He’s accused of talking about an ambassadorship, a Cabinet post in the Obama administration, even someday running for president – all while clearly aware of a federal corruption investigation hovering over his administration.
“Wacko” is among the unscientific diagnoses suggested by many after prosecutors this week accused Illinois Gov. Rod Blagojevich of essentially trying to sell the president-elect’s open U.S. Senate seat to the highest bidder.
Delusional, grandiose and narcissistic are some of the official terms offered up by mental health specialists, who have their own theories.
“When hubris creeps through the door, judgment just flies out the window,” said David Levy, a psychology professor at Pepperdine University’s graduate school.
Assessing the embattled governor’s state of mind has become a sort of parlor game as the enormity of the stunning allegations against him sinks in. Everyone seems to be wondering, was it lunacy, or just an extreme form of politics-as-usual?
“Blagojevich’s defense lawyers might want to consider an insanity defense,” wrote Mark Brown, a Chicago Sun-Times columnist. “He’s utterly mad. Completely and totally off his rocker.”
Not so fast, Chicago Tribune columnist John Kass said (any surprise the two papers differ?): “The pundits who make such diagnoses have never talked to a Chicago machine politician in their lives. How do they think Chicago politicians talk in private when they’re muscling some other guy for cash? Like Helen Mirren playing the queen?”
Yet, even in a state where corruption seems to flow like water, the governor’s alleged actions and words caught on tape stand out.
“These charges are absolutely stunning and it’s because it’s kind of transcended simple greed,” said Cindi Canary, executive director of the Illinois Campaign for Political Reform. “This is not like giving somebody a sewer inspector job.

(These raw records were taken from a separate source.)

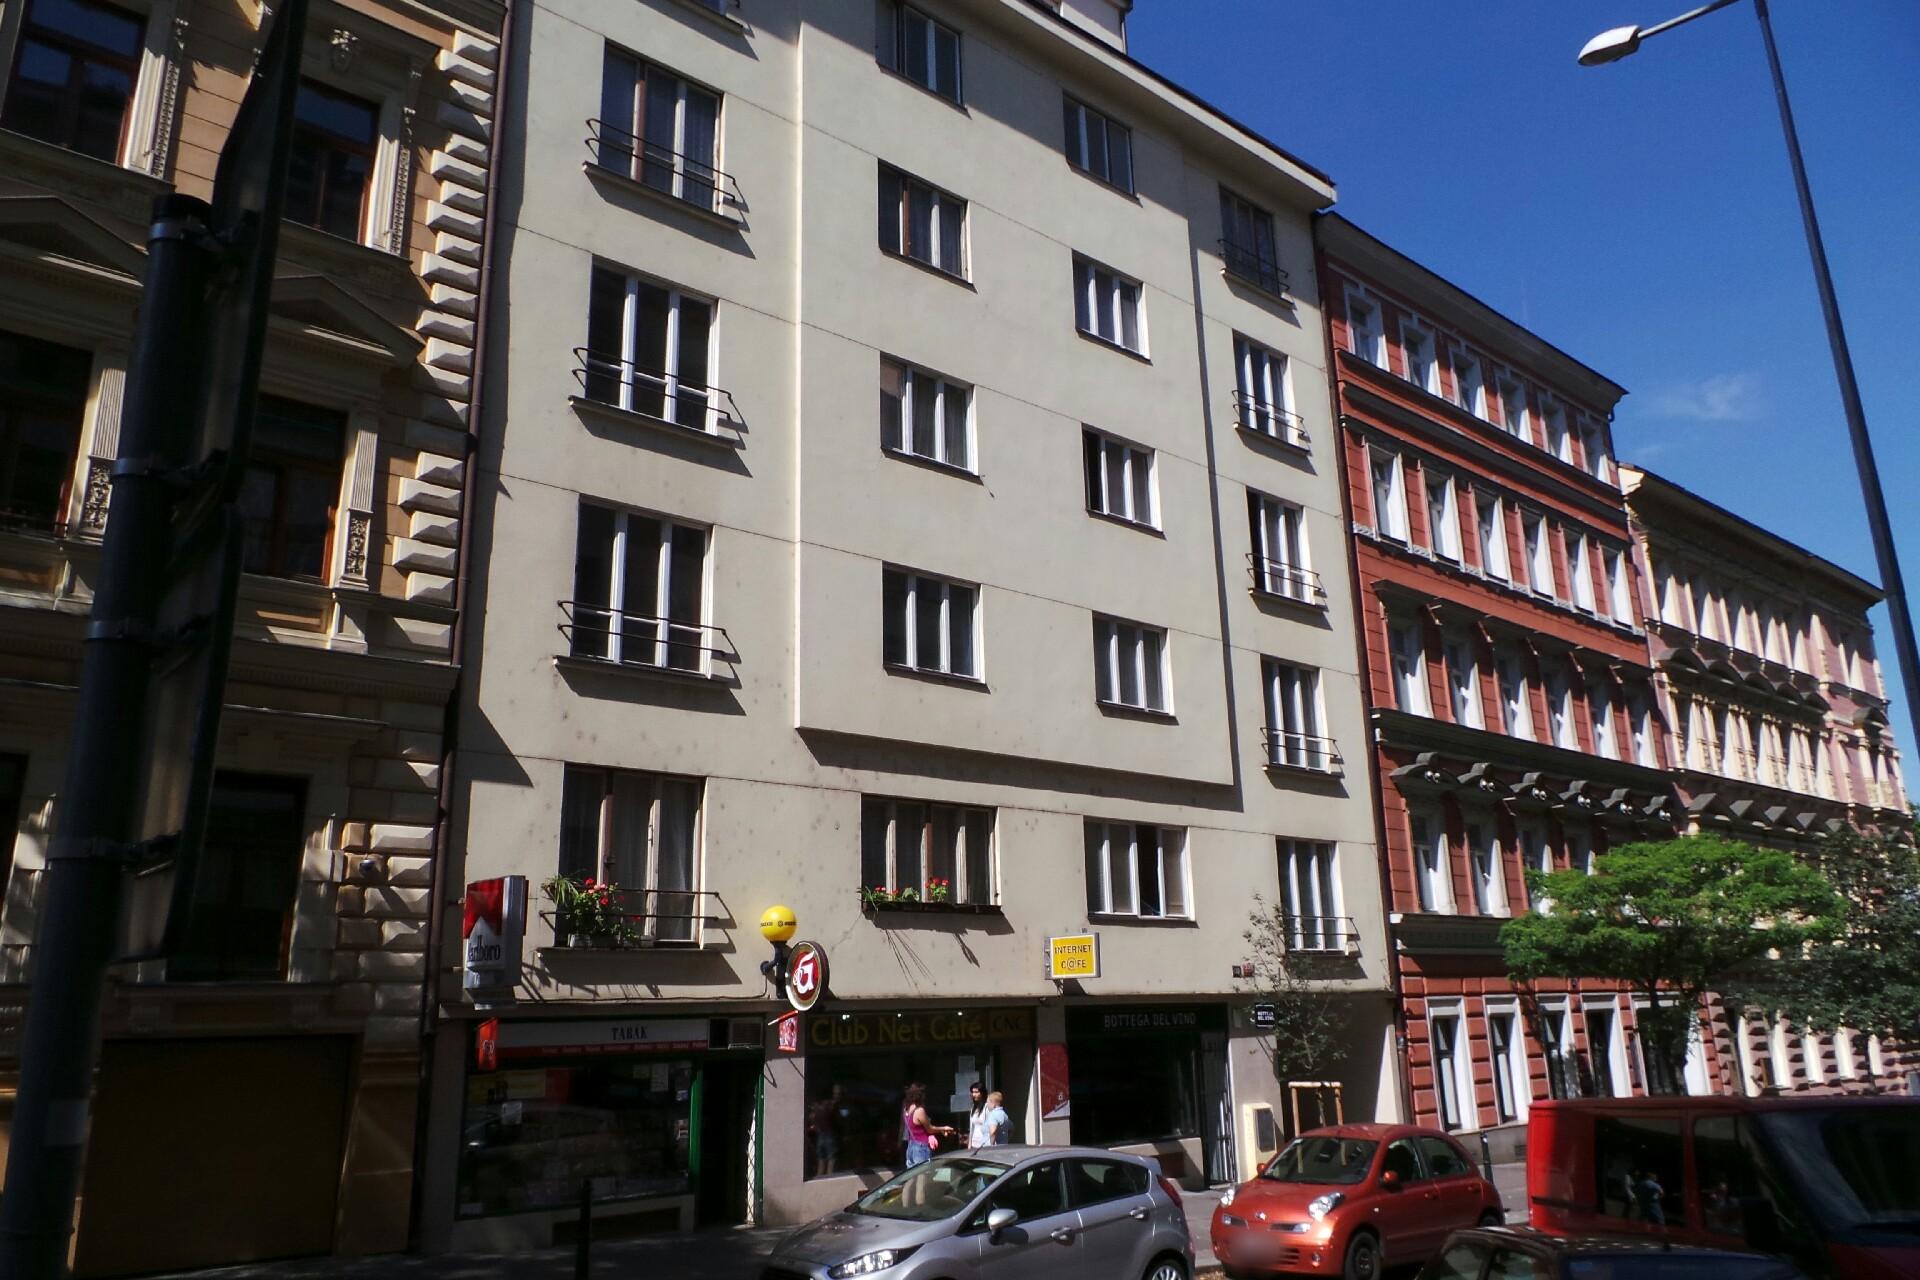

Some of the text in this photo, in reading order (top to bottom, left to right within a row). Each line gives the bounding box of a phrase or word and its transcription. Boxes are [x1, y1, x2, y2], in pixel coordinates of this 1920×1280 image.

[1054, 945, 1092, 954] INTERNET
[1104, 1012, 1151, 1028] BOTTEGA
[1152, 1013, 1171, 1026] DEL
[811, 1015, 870, 1046] Club
[879, 1014, 922, 1044] Net

This is an abuse of public trust 100-fold.”
Like rubberneckers drawn to a highway crash, Levy said he’s been riveted by the developments.

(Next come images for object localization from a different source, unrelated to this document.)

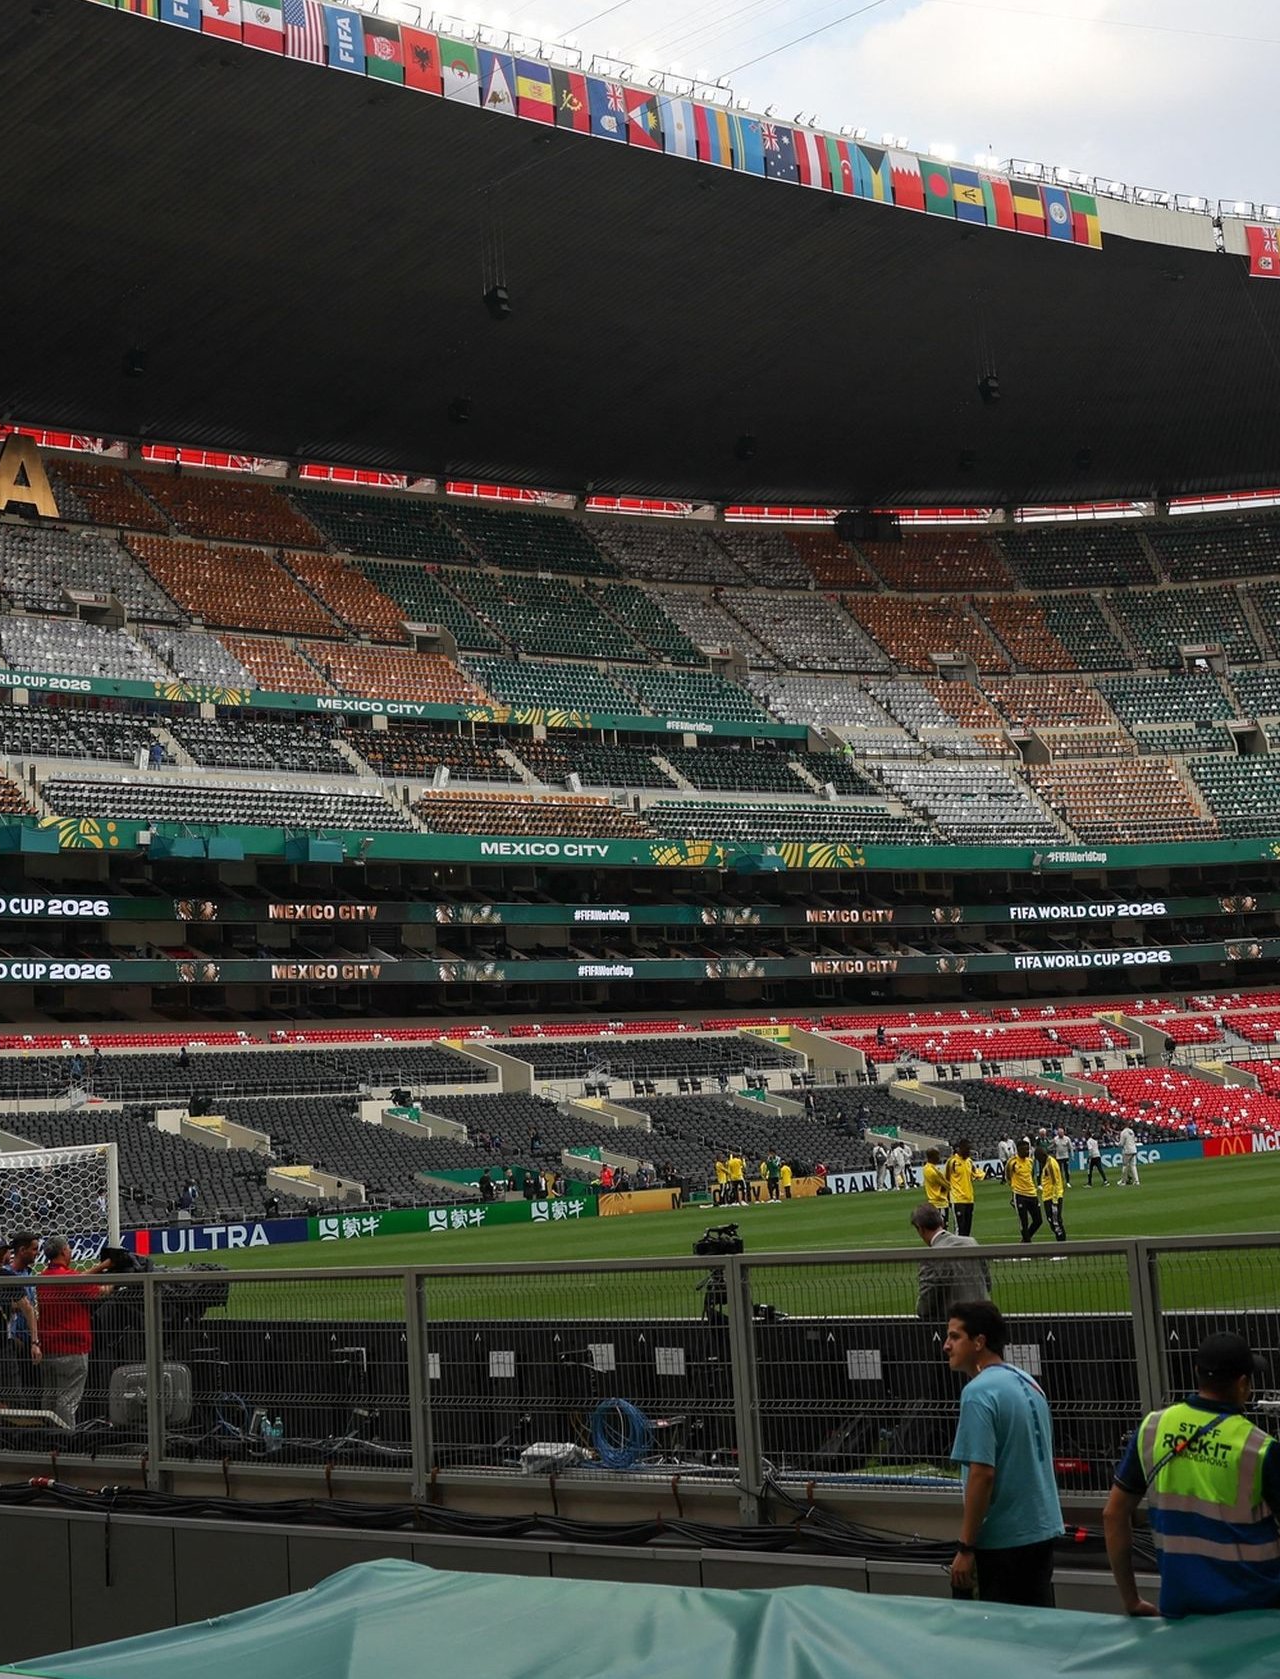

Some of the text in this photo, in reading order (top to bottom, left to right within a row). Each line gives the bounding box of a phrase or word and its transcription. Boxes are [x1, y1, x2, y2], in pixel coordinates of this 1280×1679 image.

[336, 17, 354, 63] FIFA
[23, 674, 46, 688] CUP
[49, 677, 91, 691] 2026
[317, 698, 425, 715] MEXICO CITY
[481, 842, 608, 857] MEXICO CITY
[9, 898, 45, 915] CUP
[48, 899, 110, 916] 2026
[269, 904, 378, 920] MEXICO CITY
[1010, 903, 1167, 919] FIFA WORLD CUP 2026
[574, 910, 630, 922] #FIFAWorldCup
[806, 910, 894, 923] MEXICO CITY
[811, 960, 898, 974] MEXICO CITY
[1015, 951, 1172, 969] FIFA WORLD CUP 2026
[11, 963, 46, 979] CUP
[50, 963, 112, 980] 2026
[272, 964, 381, 979] MEXICO CITY
[578, 965, 634, 977] #FIFAWorldCup
[835, 1174, 875, 1193] BAN
[451, 1207, 486, 1229] 蒙牛
[552, 1200, 584, 1221] 蒙牛
[343, 1216, 380, 1239] 蒙牛
[161, 1223, 269, 1254] ULTRA

“I’m really intrigued by this guy’s brazenness,” he said. “The recklessness is remarkable.”
New York City therapist Jonathan Alpert said he was struck by “the grandiosity, the grand sense of self and entitlement,” the arrogance.
Those traits are consistent with a mental condition called narcissistic personality disorder, he said. Its other symptoms can include taking advantage of others for personal gain and lack of empathy.
That could be a cynical job description for politicians. They are, after all, often lured to the job at least partly by the heady sense of power it promises. And Alpert said just having some of those behaviors doesn’t guarantee mental illness.
But Chicago psychoanalyst Mark Smaller said Blagojevich’s alleged behavior seems to have gone beyond bad judgment.
“This is somebody who knew he was being investigated, so you would think that would be the type of person” who wouldn’t want to increase the probability of being caught, Smaller said.
Instead, according to the complaint against Blagojevich, he conspired to sell or trade Barack Obama’s vacant Senate seat in recent weeks, knowing he was the target of a longtime federal probe of alleged pay-to-play politics.
Just a day before FBI agents arrested Blagojevich at his home Tuesday, he defiantly told reporters he didn’t care about reports he was being secretly taped because his words were “always lawful.”
Smaller said the self-destructiveness is stunning: “There’s something going on here that doesn’t look like normal political corruption.”
Still, some experts suggest that being in a position of power can make people feel they are impervious to danger. Levy said there’s no easy answer when it comes to Blagojevich.
“There really is no clear line between what’s normal and pathological,” he said.